[prev in list] [next in list] [prev in thread] [next in thread] 

List:       xerces-c-dev
Subject:    [jira] Commented: (XERCESC-1369) Performance: improve end-of-line handling
From:       "Christian Will (JIRA)" <xerces-c-dev () xml ! apache ! org>
Date:       2005-03-23 17:45:29
Message-ID: 369017194.1111599929283.JavaMail.jira () ajax ! apache ! org
[Download RAW message or body]

     [ http://issues.apache.org/jira/browse/XERCESC-1369?page=comments#action_61415 ]
     
Christian Will commented on XERCESC-1369:
-----------------------------------------

Hi David,

it looks good.

Thanks,
Christian

> Performance: improve end-of-line handling
> -----------------------------------------
> 
> Key: XERCESC-1369
> URL: http://issues.apache.org/jira/browse/XERCESC-1369
> Project: Xerces-C++
> Type: Improvement
> Components: Miscellaneous
> Versions: 2.6.0
> Reporter: Christian Will
> Priority: Minor
> Attachments: XMLReader.cpp.patch, XMLReader.hpp.patch
> 
> We can improve the end-of-line handling by two steps.
> 1. We move the function XMLReader:handleEOL(...) from the header into the cpp file, \
> because the function is to big for inlining. 2. We create bit masks to avoid most \
> of the handleEOL calls. Here are two examples :
> a)
> We use the content information that our current character is a whitespace. The bit \
> mask selects all cases where we have to call handleEOL. if (isWhitespace(curCh))
> {
> //
> //  'curCh' is a whitespace(x20|x9|xD|xA), so we only can have
> //  end-of-line combinations with a leading chCR(xD) or chLF(xA)
> //
> //  100000 x20
> //  001001 x9
> //  001010 chLF
> //  001101 chCR
> //  -----------
> //  000110 == (chCR|chLF) & ~(0x9|0x20)
> //
> //  if the result of thelogical-& operation is
> //  true  : 'curCh' must be xA  or xD
> //  false : 'curCh' must be x20 or x9
> //
> if ( ( curCh & (chCR|chLF) & ~(0x9|0x20) ) == 0 )
> {
> fCurCol++;
> } else
> {
> handleEOL(curCh, false);
> }
> b)
> We have no content information so we have to test for all four possible start \
> characters.

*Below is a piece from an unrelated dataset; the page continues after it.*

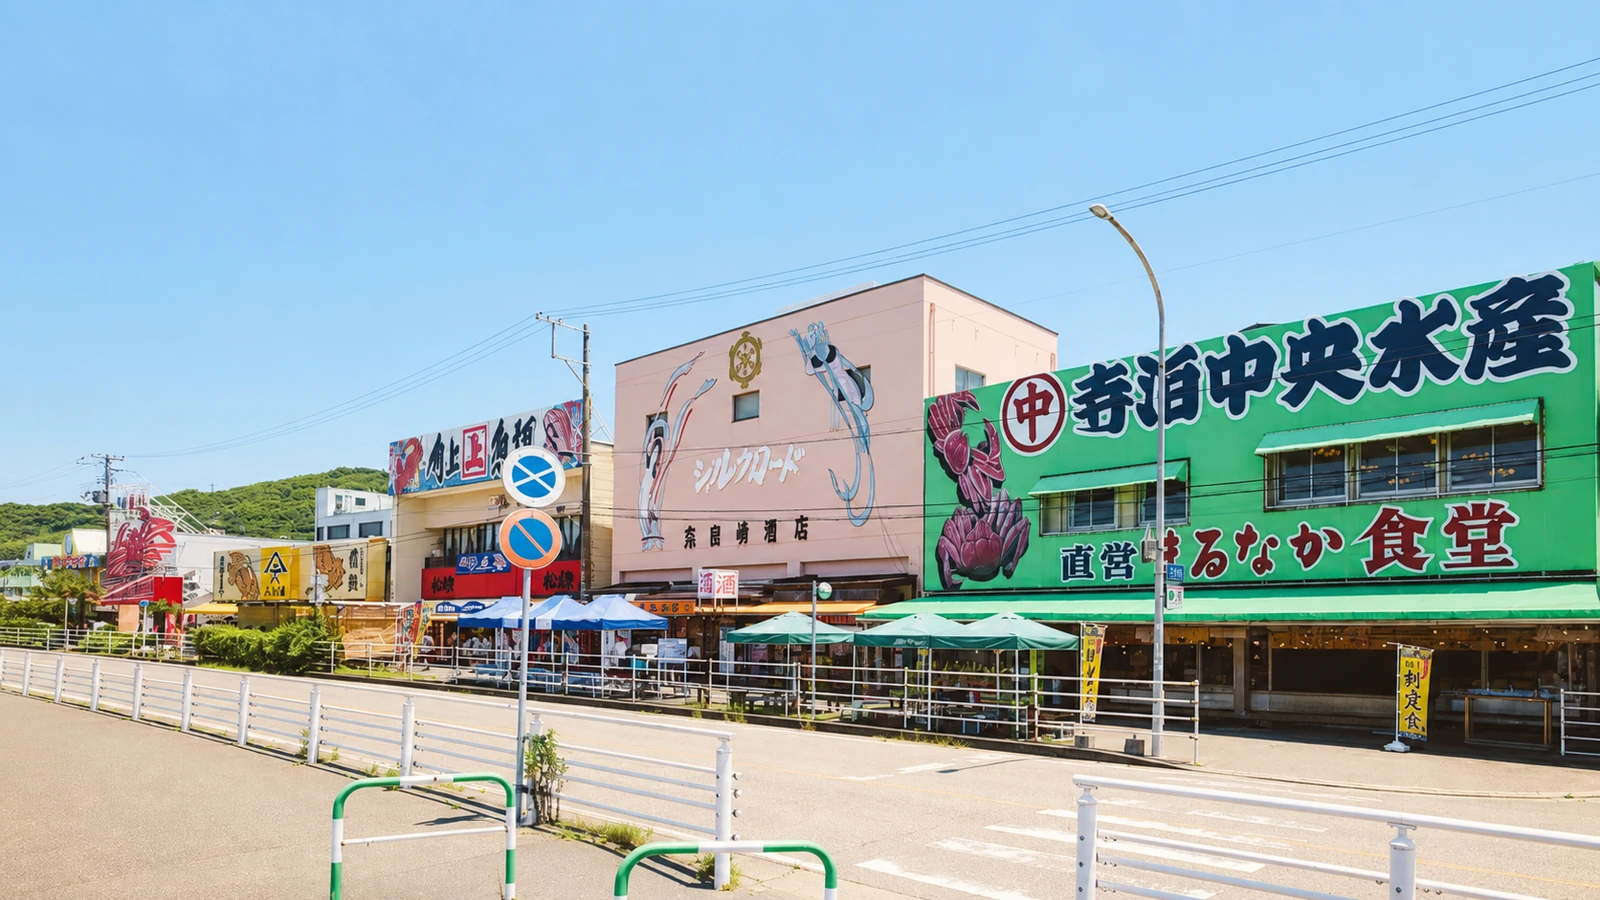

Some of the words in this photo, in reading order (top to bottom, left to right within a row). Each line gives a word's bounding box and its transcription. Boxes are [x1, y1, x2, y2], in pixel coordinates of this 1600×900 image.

The bit masks selects only 128 cases (from before 63483) where we have \
> to call handleEOL. //
> // we can have end-of-line combinations with a leading
> // chCR(xD), chLF(xA), chNEL(x85), or chLineSeparator(x2028)
> //
> // 0000000000001101 chCR
> // 0000000000001010 chLF
> // 0000000010000101 chNEL
> // 0010000000101000 chLineSeparator
> // -----------------------
> // 1101111101010000 == ~(chCR|chLF|chNEL|chLineSeparator)
> //
> // if the result of the logical-& operation is
> // true  : 'curCh' can not be chCR, chLF, chNEL or chLineSeparator
> // false : 'curCh' can be chCR, chLF, chNEL or chLineSeparator
> //
> if ( chGotten & (XMLCh) ~(chCR|chLF|chNEL|chLineSeparator) )
> {
> fCurCol++;
> } else
> {
> handleEOL(chGotten, false);
> }
> I created bit masks for all (5) cases where we call handleEOL.
> I attached patch files against the latest cvs version.
> Regards,
> Christian Will

-- 
This message is automatically generated by JIRA.
-
If you think it was sent incorrectly contact one of the administrators:
   http://issues.apache.org/jira/secure/Administrators.jspa
-
If you want more information on JIRA, or have a bug to report see:
   http://www.atlassian.com/software/jira


---------------------------------------------------------------------
To unsubscribe, e-mail: xerces-c-dev-unsubscribe@xml.apache.org
For additional commands, e-mail: xerces-c-dev-help@xml.apache.org


[prev in list] [next in list] [prev in thread] [next in thread] 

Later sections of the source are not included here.